God assumed responsibility for all that he allowed to take place in his creation.

The idea derives ultimately from Greg’s belief that God creates freely, unnecessarily. That’s important, because the question of why God would take responsibility for a necessary God-world relationship (as proposed by standard Process metaphysics) never really arises. But for someone like Greg who espouses the (quite orthodox belief in the) utter gratuity of God’s choice to create, the question of God’s “taking responsibility” for the absolute mess the world introduces a challenge. Consider:

  • God creates freely and unnecessarily.
  • Creation freely corrupts itself and becomes overwhelmed by violence and suffering.

The freedom involved in the latter would be explanation enough for some, maybe most. But Greg believes that though we are endowed with the freedom to self-determine (which makes us and not God morally culpable for our individual choices), there remains an additional factor that we need to account for:

  • The eruption of evil was inevitable.

Over top all of humanity’s particular free choices stands the all-embracing statistical inevitability of sin and violence. Given the precarious condition of our origins (human weakness, finitude, ignorance, basic appetites and drives, the influence of socialization, the Satanic corruption of matter, and more), sooner or later creation would go off the rails. Greg may be an open theist who holds the future to be (partly) open, but he maintains the causal closure of the world’s descent into evil given these factors. God knows human sin and vice will inevitably erupt, and it is this inevitability that God freely creates and (I will suggest regarding his view) what God takes responsibility for.
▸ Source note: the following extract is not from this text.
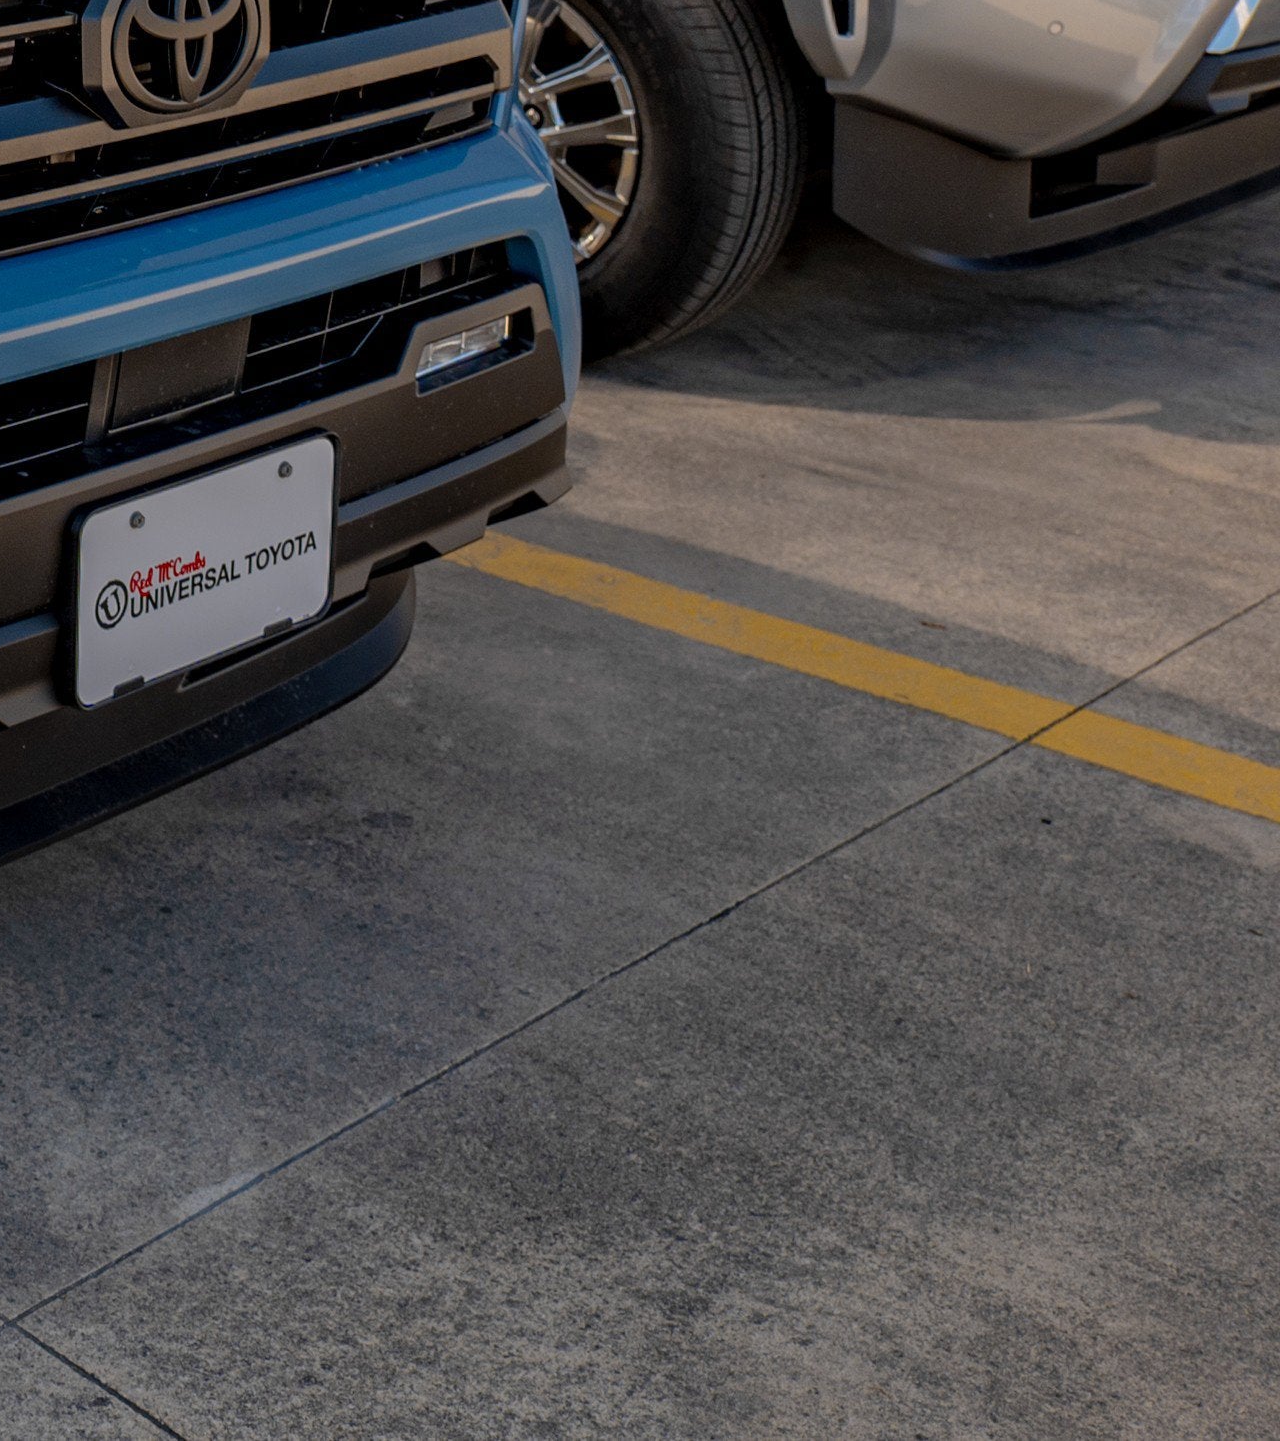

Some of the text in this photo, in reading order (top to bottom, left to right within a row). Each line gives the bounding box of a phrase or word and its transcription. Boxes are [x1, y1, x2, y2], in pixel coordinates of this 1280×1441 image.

[130, 551, 206, 597] Red McCombs
[130, 531, 317, 618] UNIVERSAL TOYOTA
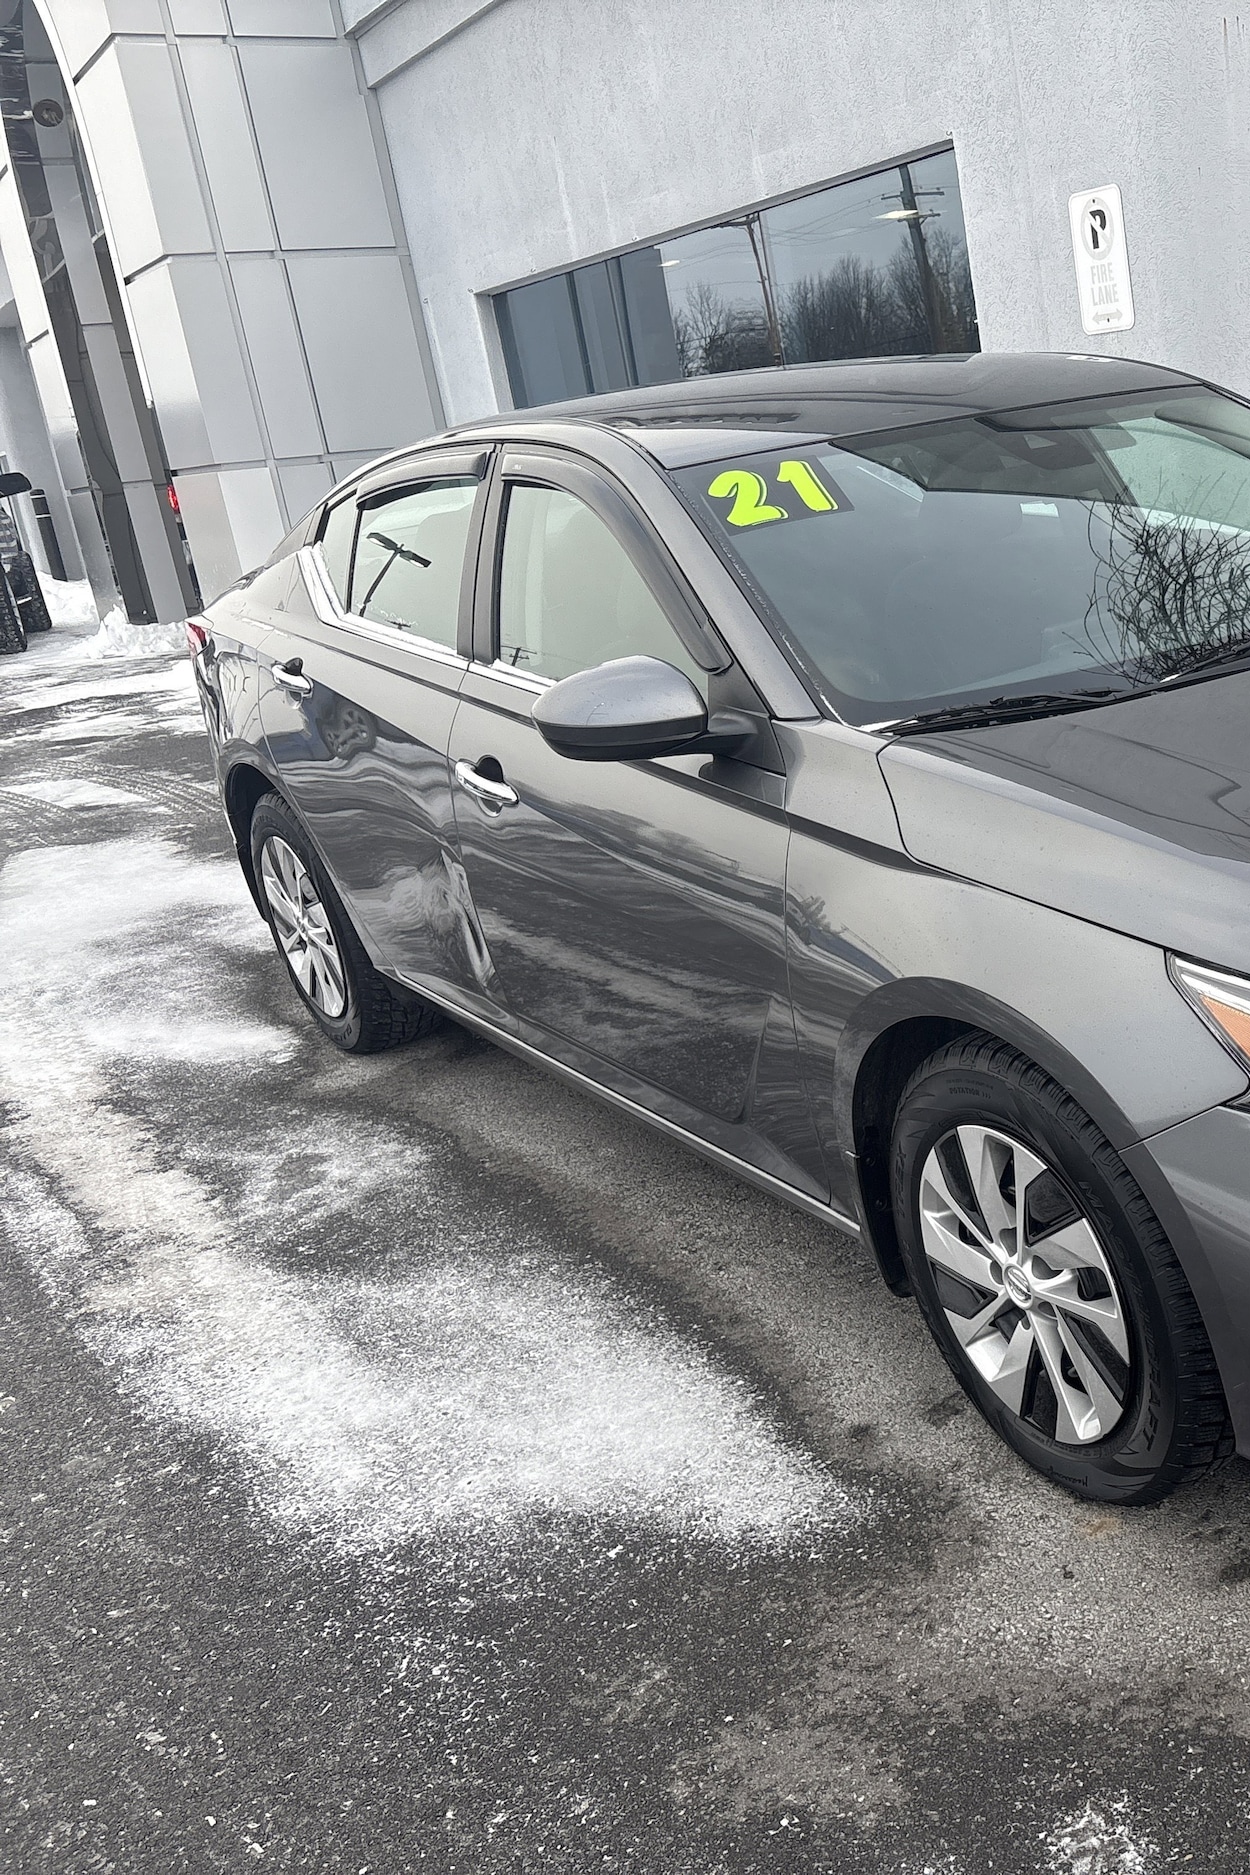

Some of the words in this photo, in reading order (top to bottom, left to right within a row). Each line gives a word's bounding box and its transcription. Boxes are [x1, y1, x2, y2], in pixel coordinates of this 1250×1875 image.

van-gogh-pietaIt’s true of course, in an almost trivial sense, that God takes responsibility for what God does if by that we mean to say that God’s actions are fully informed, fully intended, fully acknowledged, fully his own, utterly embraced – entailments and all. But this is not news. The staunchest classical theist would affirm it.

But this is not what Greg means by saying God “takes responsibility for evil.” What Greg means, I gather, is that God assumes something approaching a moral responsibility for the world’s evil and suffering. In suffering the despair of godforsakenness, God suffers his own free choice to create, and this responsibility has a definite moral shape to it. God didn’t have to create but he did so knowing things would go desperately wrong. Thus (and this “thus” reveals the logic of God’s “responsibility” in Greg’s view) God suffers for us by suffering for having freely created us. That is at least part of the logic at work. Greg explains further:

[O]nly by affirming the authenticity of Jesus’ God-forsakenness can we affirm that God has fully entered into, fully experienced, fully embraced and fully redeemed the God-forsakenness of the world. Because the Son experienced the horror of God-forsakenness, and because the Father experienced the horror of forsaking his Son, we can affirm that “even Auschwitz is taken up into the grief of the Father, the surrender of the Son and the power of the Spirit.” [cf. Moltmann] In the nightmarish separation of the Father and Son, he writes, we can see that “the whole uproar of history,” with all of its unthinkable atrocities, is embraced “within God.” [cf. Moltmann] In other words, the authenticity of the Jesus’ abandonment on the cross means that God is a God who is entering into and embracing our hell. And its only because of this that we can be confident that God has poured himself out completely in working to redeem us from our hell.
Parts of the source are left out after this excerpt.